I’ve been sharply critical of Blue Labour elsewhere (see here and here) and so it would be easy to crow about all of this. But, aside from the fact that openly demonstrating schadenfreude never looks very attractive, I think that it would be a big mistake for anyone on the left to attempt to dance on Blue Labour’s grave. For one thing, it’s not at all clear that Blue Labour is dead and buried. It’s very difficult to predict how all of this is going to develop. Certainly Glasman’s star appears to have waned and I’d be surprised if anyone influential in or around the Labour Party tried to repeat the sorts of things that he’s said about immigration – but many of the central ideas animating the Blue Labour project may well have greater staying power. Indeed, Cruddas and Rutherford have stated that ‘they hope it will be possible to salvage some of the ideas and themes’ that Blue Labour has been developing. There is certainly scope for some sort of salvaging and regrouping process - whether or not any reformulated project continues to use the Blue Labour tag. It’s pretty clear that the Labour leadership are looking for a new narrative of purpose and identity to fill the post-New Labour void and also to reposition itself in the context of the unfolding economic crisis which is slowly but very fundamentally reshaping the political terrain. Manic Blairite neoliberalism is no longer appropriate for a broadly social democratic party in an era of austerity (which one report recently suggested would last for decades) – Blue Labour is, in my view, well suited for a party which seeks to manage capitalism in a time of ‘belt-tightening’. Blue Labour ideas appear to have sunk fairly deep roots within the upper echelons of Labour and they are unlikely to disappear entirely.

The second reason not to crow about recent developments is that I think that there are some valuable aspects to the Blue Labour project which it would be a shame to see ditched with the less attractive parts. Critics of Blue Labour have often tended to go in for rather sweeping denunciations – myself, perhaps, included. Part of the reason for this is that tight restrictions in terms of word count on sites like the Guardian’s ‘Comment is Free’ tend to dictate that arguments are written in polemical style leaving little space for nuance and complexity. Sometimes, in addition, it’s fairly clear that critics haven’t taken much time to read up on what Blue Labourites are actually saying in their more measured and lengthy pieces (away from the deliberately provocative sound-bite approach that Lord Glasman, for example, often engages in).   

Let me be clear about this. I think that much of what Blue Labour has said is poisonous and dangerous. Beyond this, furthermore, I’m not at all convinced by much of the rest. But in amongst the dangerous and the unconvincing are some valuable observations and ideas that are often overlooked. Given that the Blue Labour project is now in flux – at a point at which it will have to be either radically reformulated or abandoned entirely – it seems an apposite time for interventions from the left to help reshape the debate surrounding this project or, at least, to sort out more clearly what we think about it in considered and nuanced terms. I hope this article might, in some small way, contribute to this process.

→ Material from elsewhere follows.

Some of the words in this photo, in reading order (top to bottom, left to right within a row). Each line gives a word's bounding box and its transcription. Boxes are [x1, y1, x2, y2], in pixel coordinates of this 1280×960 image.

I’m not a member of the Labour Party and, indeed, I’m not a social democrat either. I’m deeply sceptical in relation to the broadly defined tradition of labourism itself as an effective vehicle for left-wing politics. This, of course, significantly colours my view of Blue Labour and my views in relation to the feasibility of the sorts of measures of reform that it proposes. Nevertheless, whatever your views on labourism, it’s clearly in the interests of all of those on the left (whether they operate within or separately from the Labour Party) that Labour advocates policies that are, at least, less bad or damaging than they might otherwise be, even if we don’t hold out much hope that Labour might promote the sort of approach that we would prefer overall.

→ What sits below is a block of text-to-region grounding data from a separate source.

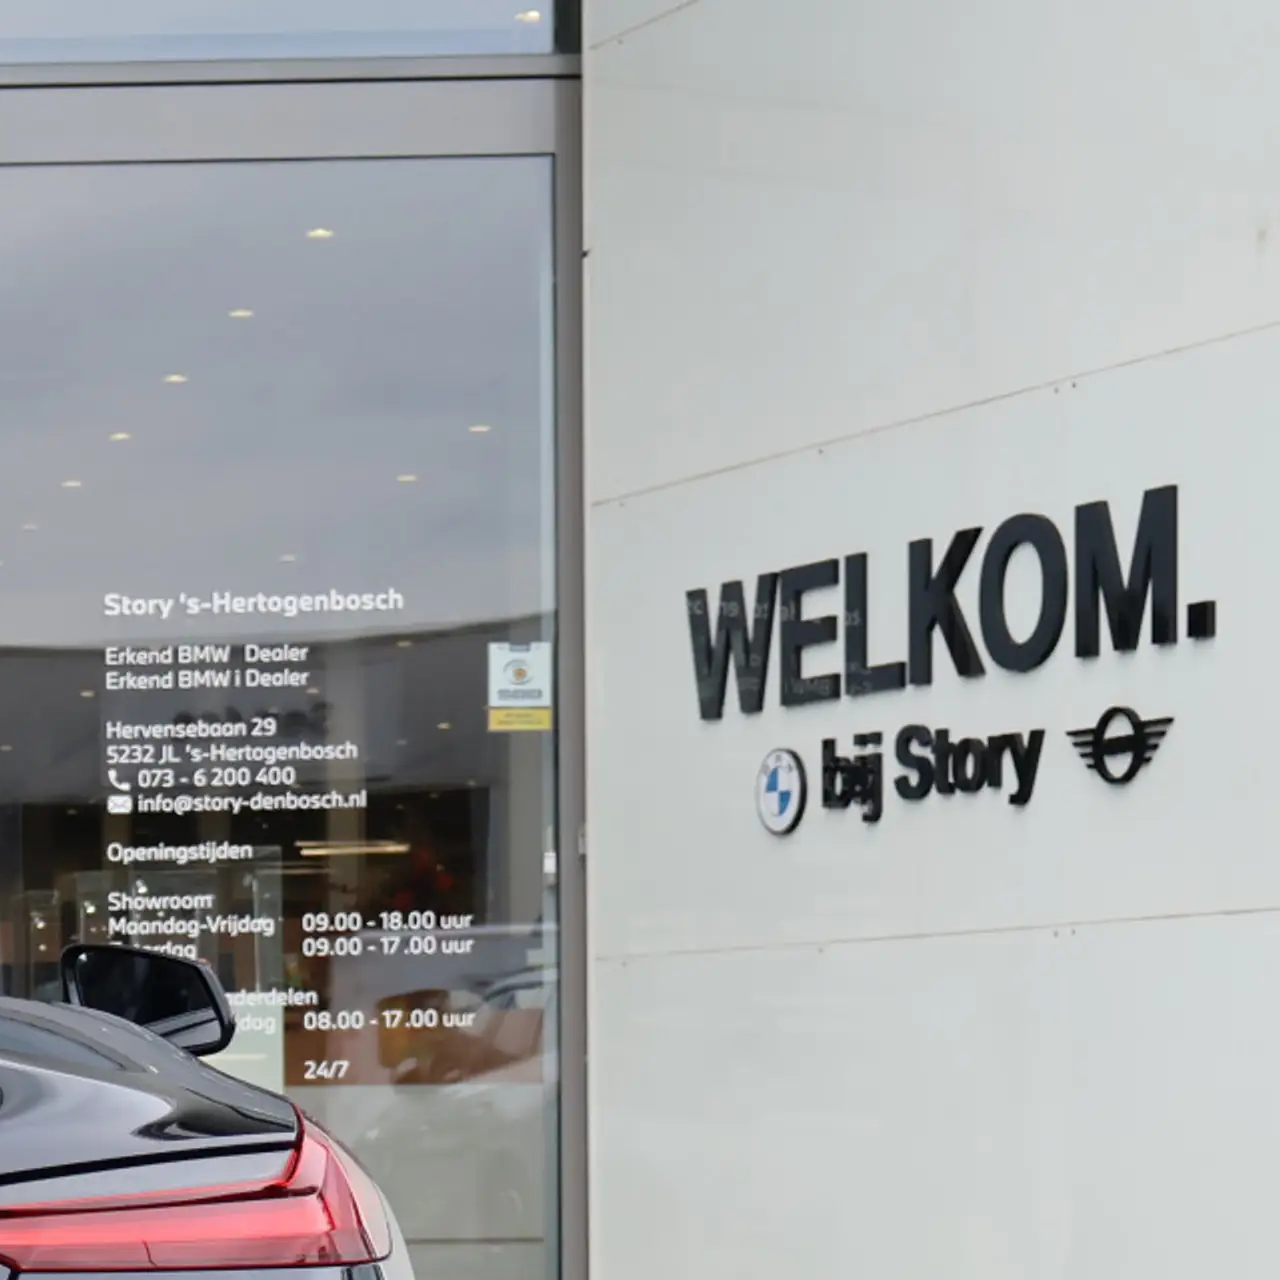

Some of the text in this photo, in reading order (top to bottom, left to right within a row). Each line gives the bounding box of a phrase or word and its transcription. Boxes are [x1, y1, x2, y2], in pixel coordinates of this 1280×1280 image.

[104, 589, 403, 619] Story 's-Hertogenbosch
[686, 485, 1216, 720] WELKOM.
[105, 644, 309, 665] Erkend BMW Dealer
[105, 668, 310, 690] Erkend BMW i Dealer
[106, 717, 277, 739] Hervensebaan 29
[106, 741, 358, 765] 5232 JL 's-Hertogenbosch
[138, 769, 174, 788] 073
[193, 769, 207, 786] 6
[211, 767, 251, 786] 200
[256, 767, 296, 785] 400
[822, 724, 1045, 822] bij Story
[138, 789, 367, 815] info@story-denbosch.nl
[107, 842, 253, 865] Openingstijden
[108, 892, 214, 911] Showroom
[108, 914, 275, 938] Maandag-Vrijdag
[302, 912, 362, 932] 09.00
[379, 910, 436, 930] 18.00
[439, 914, 474, 930] uur
[302, 936, 363, 957] 09.00
[441, 938, 476, 954] uur
[304, 1010, 365, 1030] 08.00
[442, 1012, 477, 1028] uur
[304, 1060, 350, 1079] 24/7

What many regard as the toxic and dangerous elements of Blue Labour thinking are well known. The brouhaha surrounding Lord Glasman’s recent comments on immigration have, indeed, thrust one of these very firmly into the limelight. It’s worth pointing out, however, that the sorts of comments Glasman made in the Telegraph don’t really come as much of a surprise – right from the beginning, the Blue Labour project has sought to absorb and promulgate deeply unpleasant ideas which effectively pitch what some Blue Labourites call ‘the white working class’ against ‘mass immigration’ which is singled out (wrongly) as a key determinant of falling wages and increasing joblessness and so on. Glasman’snotorious comments about the EDL are… well… notorious. Indeed it’s hard not to feel that the protestations of figures such as Cruddas and Rutherford in relation to the Telegraph interview ring rather hollow – are we expected to believe that they had no inkling, up until now, of Lord Glasman’s views on immigration?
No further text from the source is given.